← Blog

Martin Chapman

High Performance Async I/O: IOCP vs. I/O Rings - Part I: The New Kid on the Block

IoRingAPI isn't a direct replacement for IOCP, but a specialized tool that provides a new level of performance for device I/O.

High Performance Async I/O: IOCP vs. I/O Rings - Part I: The New Kid on the Block

Hello everyone,

In my previous articles, I've often touched on the importance of high-performance asynchronous I/O when discussing the "physics of software development" and other articles. It's a topic that demands a much deeper exploration, which is why I'm dedicating this new three-part series to the subject. I hope at least a few of you will enjoy these geeky articles. LOL!

For decades, Windows developers building multi-threaded applications have relied heavily on the raw, unparalleled power of I/O Completion Ports (IOCP). It's a critical tool in the arsenal of any programmer serious about creating scalable, high-throughput I/O systems. Now, with the release of Windows 11, Microsoft has introduced a new, powerful API called IoRingAPI that was inspired by the io_uring framework on Linux. This isn't a direct replacement for IOCP, but a specialized tool that provides a new level of performance for device I/O. It offers a new, powerful alternative to traditional completion routines and IOCP for specific high-performance tasks.

This article is the first in a three-part series where I will explore this new API. My goal is threefold:

  • Part I: The New Kid on the Block. I will introduce the I/O Rings, explore its core concepts, and see how it can be used for single- and multi-threaded I/O operations.
  • Part II: A Tale of Two Titans. I will dive deep into the architecture of both IOCP and the new I/O Rings, comparing their strengths, weaknesses, and ideal use cases. I will also demonstrate how to combine them to build a truly masterful piece of high-performance I/O code, leveraging the best of both APIs.
  • Part III: The Synergy. I will discuss how I/O Rings are part of Microsoft's broader strategy for high-performance I/O, including its relationship with BypassIO and the DirectStorage API.

Let's begin by taking a deep dive into the I/O Rings and why it's generating so much excitement.

Introducing I/O Rings: The Windows Take on io_uring

The I/O Rings API is a powerful new asynchronous I/O framework available on Windows 11. It was heavily inspired by the highly successful io_uring API on Linux and brings a similar, queue-based architecture to the Windows kernel.

At its core, I/O Rings is built on a shared-memory ring buffer architecture. This model consists of two primary queues:

  • Submission Queue (SQ): The application uses this queue to submit I/O requests to the kernel.
  • Completion Queue (CQ): The kernel uses this queue to post completion results for I/O operations.

The key to I/O Rings' performance is that the application and the kernel share these ring buffers. An application can place a batch of requests in the submission queue, and the kernel can pull them off without the need for a costly context switch for each individual request. This dramatically reduces overhead and allows for incredibly high I/O throughput.

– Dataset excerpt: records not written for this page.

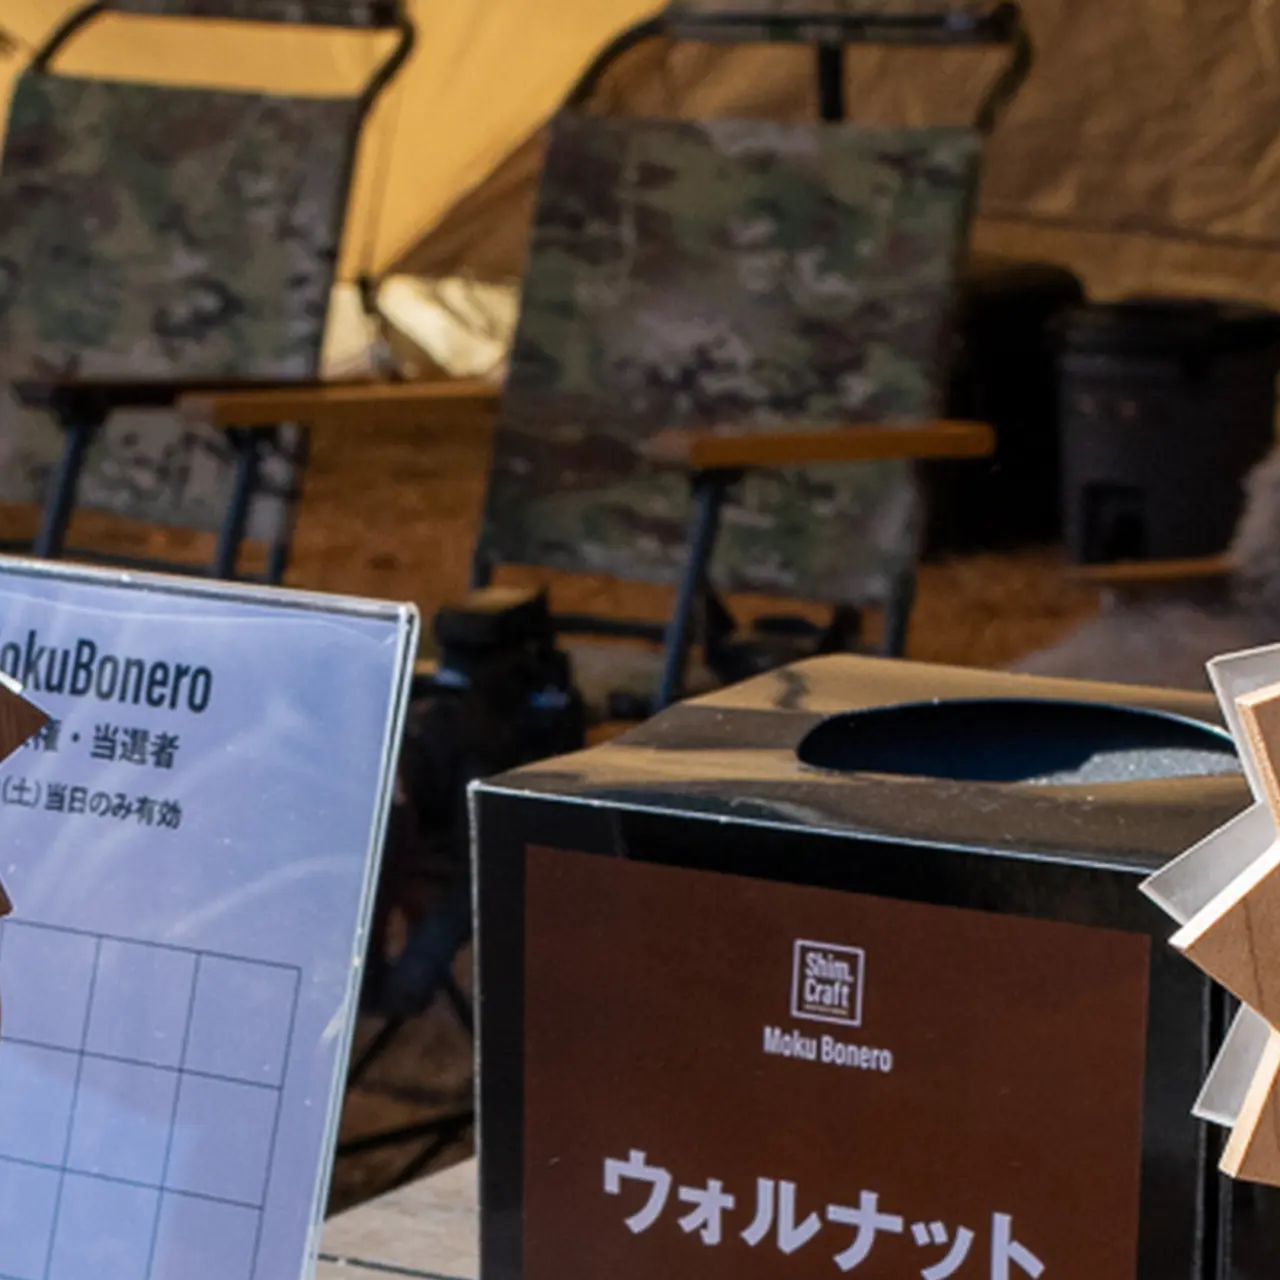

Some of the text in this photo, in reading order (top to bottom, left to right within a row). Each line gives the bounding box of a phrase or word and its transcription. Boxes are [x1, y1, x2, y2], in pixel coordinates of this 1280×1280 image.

[803, 978, 851, 1008] Craft
[762, 1024, 894, 1073] Moku Bonero
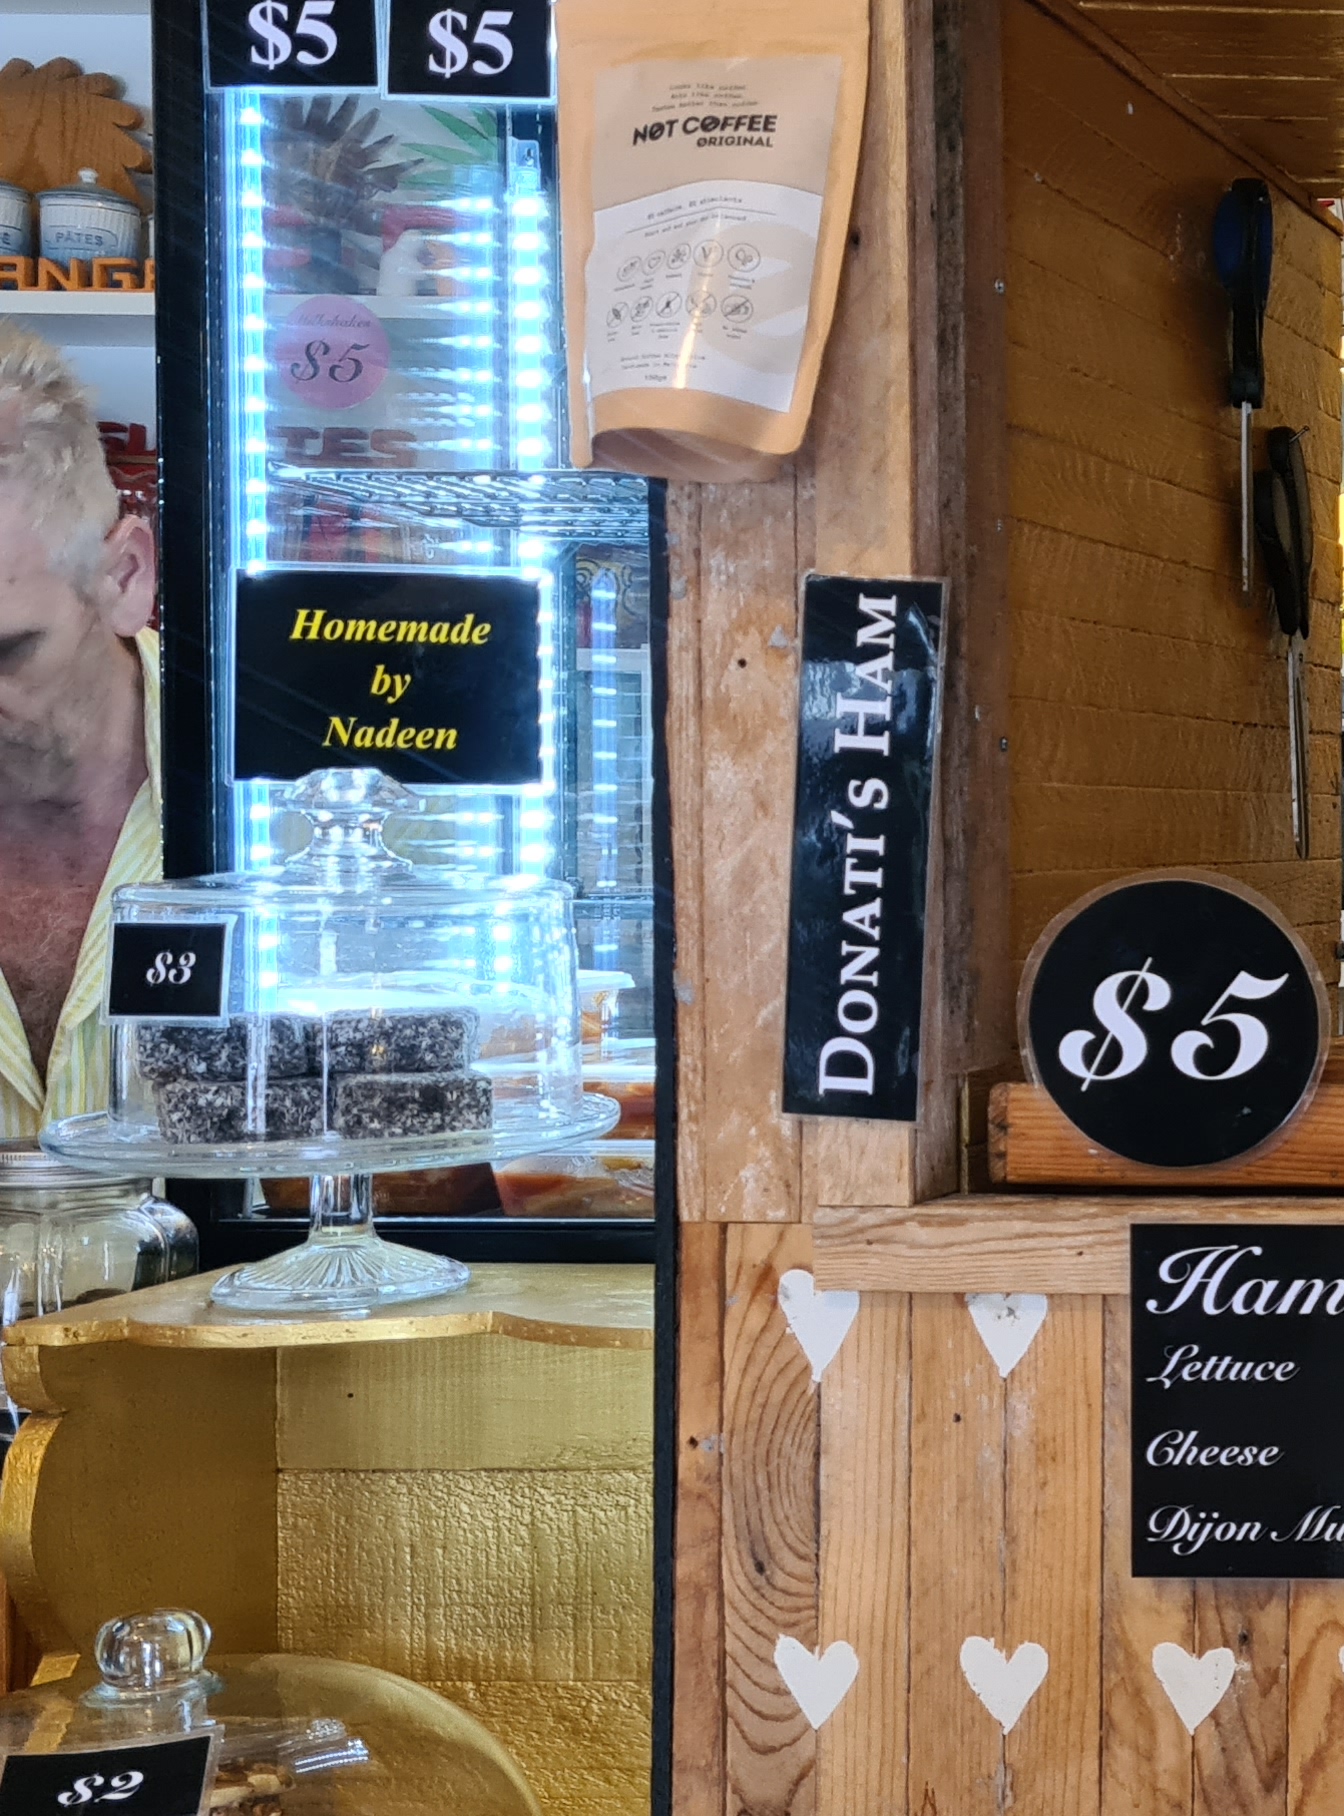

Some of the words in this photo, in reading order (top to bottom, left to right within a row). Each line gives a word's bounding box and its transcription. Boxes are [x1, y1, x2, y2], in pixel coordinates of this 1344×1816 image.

[248, 0, 338, 70] $5
[428, 8, 514, 79] $5
[290, 338, 371, 384] $5
[289, 608, 493, 647] Homemade
[370, 664, 411, 704] by
[834, 592, 898, 758] HAM
[322, 716, 458, 750] Nadeen
[145, 948, 196, 986] $3
[1058, 957, 1290, 1092] $5
[1146, 1344, 1299, 1389] Lettuce
[1146, 1429, 1285, 1467] Cheese
[1146, 1504, 1268, 1556] Dijon
[56, 1769, 145, 1808] $2

Furthermore, IoRingAPI provides specific mechanisms to handle multiple files efficiently. Instead of passing file handles and buffer information with every single I/O request, the API allows for pre-registration. You can register an array of file handles and an array of data buffers with the kernel. Subsequent I/O requests can then simply reference these pre-registered resources by their index. This further reduces the system call overhead by eliminating the need for repeated validation and data copying. For a use case involving multiple small I/O operations across different files, such as a database system, this batching and pre-registration capability allows the kernel to intelligently schedule and execute the requests, leading to a significant performance boost.

In fact, Paul Moore, a principal software engineer at Microsoft, has publicly praised the speed of io_uring on Linux, noting its impressive performance gains. The fact that Microsoft has now implemented its own version, IoRingAPI, to remain competitive is a powerful form of flattery, as it demonstrates the effectiveness of the original design.

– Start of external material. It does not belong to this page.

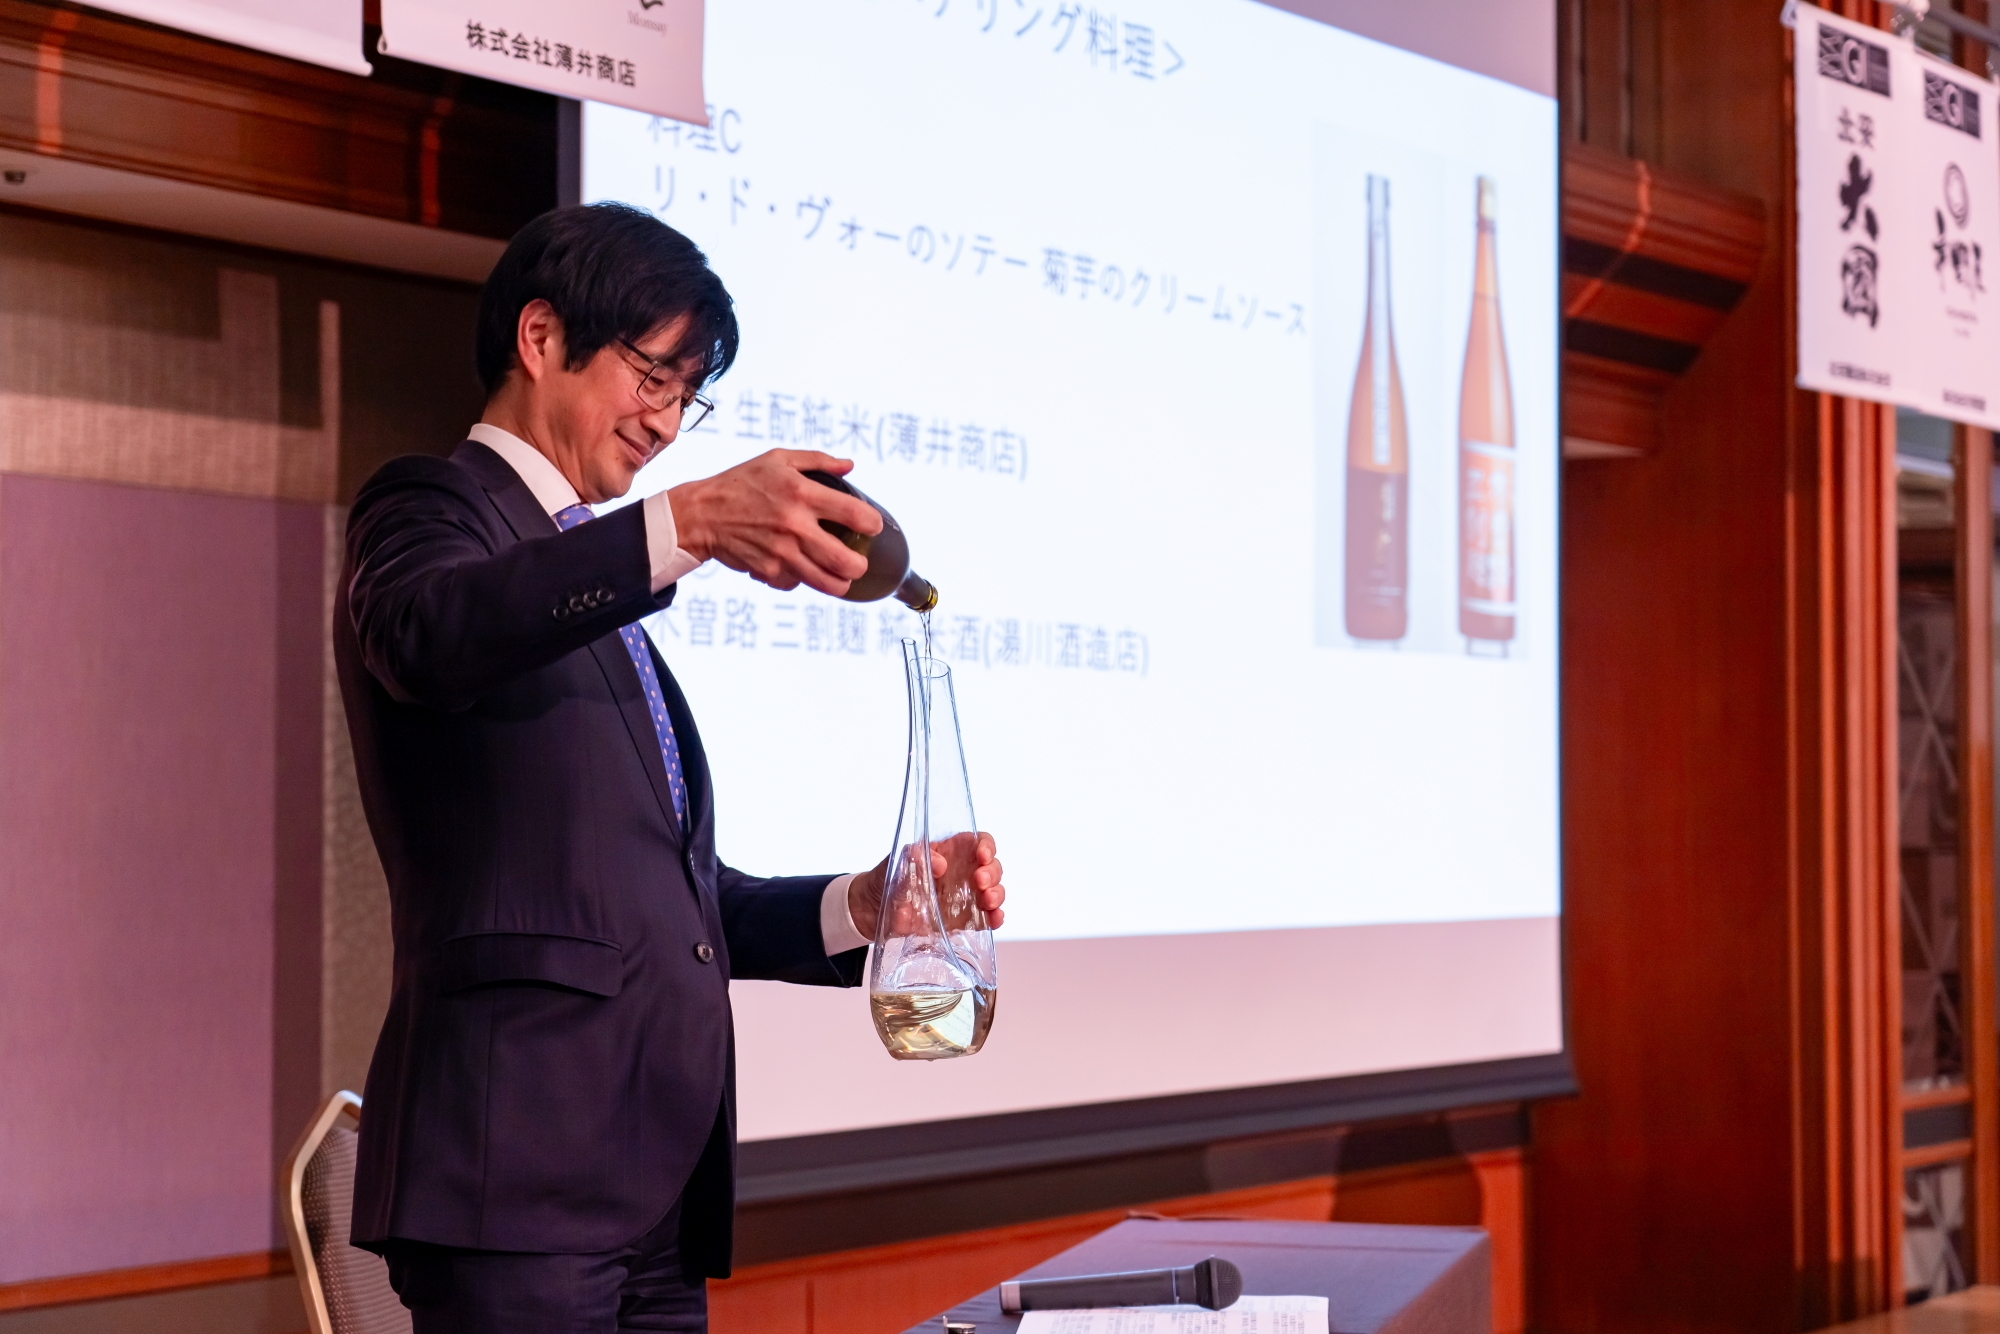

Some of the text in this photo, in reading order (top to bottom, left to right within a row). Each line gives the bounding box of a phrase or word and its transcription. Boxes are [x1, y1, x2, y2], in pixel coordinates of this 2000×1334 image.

I/O Rings vs. io_uring: The Similarities and Differences

I/O Rings closely mirrors the core design principles of io_uring, which provides an excellent mental model for Linux developers migrating to Windows. Both APIs feature:

  • Shared Ring Buffers: Both use a shared-memory architecture to minimize the user-to-kernel transition overhead.
  • Batching: Both allow an application to submit a large number of I/O requests at once, which the kernel can process more efficiently.
  • Asynchronous-by-Design: Both APIs are inherently asynchronous, enabling applications to overlap computation and I/O.

However, a key difference is that I/O Rings is currently a much more focused API. While io_uring on Linux has grown to support a wide range of operations, including networking and even user-space polling, I/O Rings is currently targeted at a specific set of device I/O operations. It is not intended as a full replacement for the vast functionality of IOCP but rather as an additional, specialized tool for specific performance-critical I/O tasks.

Using I/O Rings for I/O

The I/O Rings can be used in both a single-threaded, blocking fashion and a multi-threaded, non-blocking fashion.

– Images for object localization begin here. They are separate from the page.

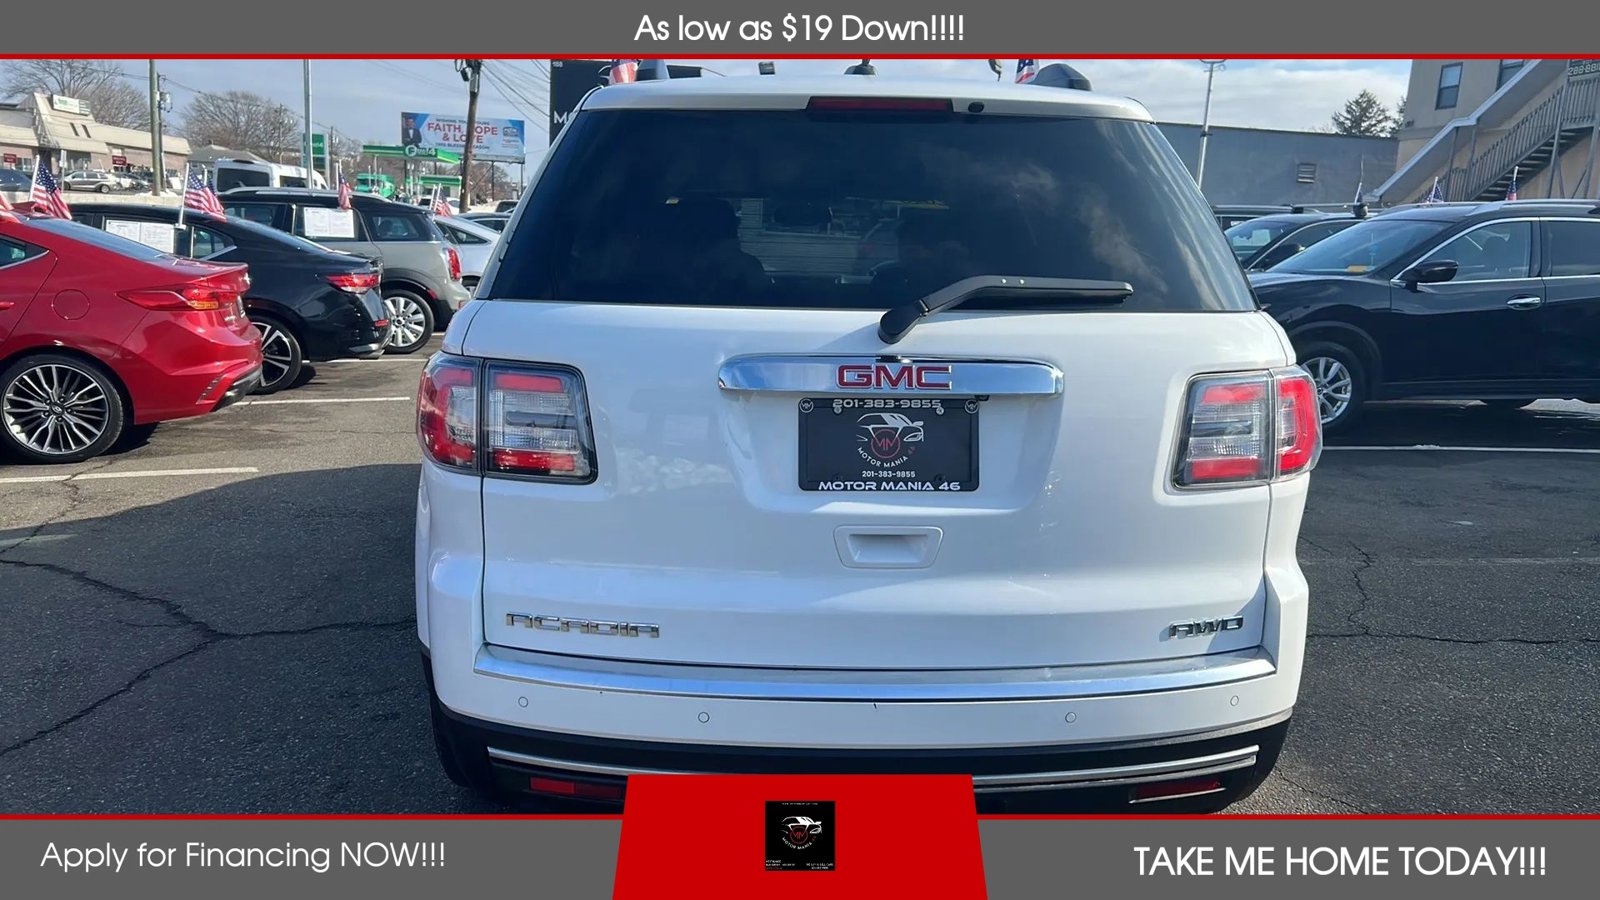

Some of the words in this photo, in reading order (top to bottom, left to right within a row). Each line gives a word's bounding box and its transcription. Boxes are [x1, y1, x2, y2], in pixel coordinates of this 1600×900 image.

[428, 123, 463, 133] FAITH,
[474, 126, 498, 136] OPE
[442, 132, 450, 142] &
[453, 134, 483, 143] LOE
[837, 364, 952, 391] GMC
[832, 399, 942, 409] 201-383-9855
[857, 446, 882, 468] MOTOR
[883, 455, 909, 468] MANIA
[861, 470, 916, 478] 201-383-9855
[818, 481, 877, 491] MOTOR
[880, 481, 935, 491] MANIA
[937, 481, 961, 491] 46
[506, 611, 660, 639] ACADIA
[1168, 615, 1244, 637] AWD

Single-Threaded, Blocking Usage

In a single-threaded context, a developer can submit an I/O request and then block until it completes. This is achieved using SubmitIoRing() in blocking mode. This model is useful for simple I/O tasks where the goal is to offload the I/O to the kernel without the complexity of a multi-threaded architecture.

Multi-Threaded, Non-Blocking Usage

The real power of I/O Rings becomes apparent in a multi-threaded, non-blocking scenario. In this model, multiple application threads can push I/O requests onto the submission queue using SubmitIoRing(). They do not block, but rather continue with other work. When the kernel completes the I/O, it places a completion event onto the shared completion queue. A dedicated pool of worker threads can then pull these completion events off the queue using PopIoRingCompletion(), processing the results as they become available. This model mirrors the powerful, event-driven architecture of IOCP, allowing for massive I/O concurrency and scalability. In the next article of this series, I will dive further into this multi-threaded use case and provide sample code.

A Simple C++ Class for I/O Rings

To demonstrate the power and simplicity of this new API, here is a C++ class that wraps the I/O Rings to perform a blocking read operation. This class uses I/O Rings in a single-threaded blocking mode to fill a user-provided buffer with fixed length records from a file such as a database table or tiles in an image file. After the read operation completes, I iterate the bytes in the user supplied buffer and extract each record. The internal mechanism uses SubmitIoRing() to push the read request to the kernel and then blocks until the data is available. Records in the file are aligned to a multiple of the disk logical sector size as required by overlapped read / write operations on certain hard drives.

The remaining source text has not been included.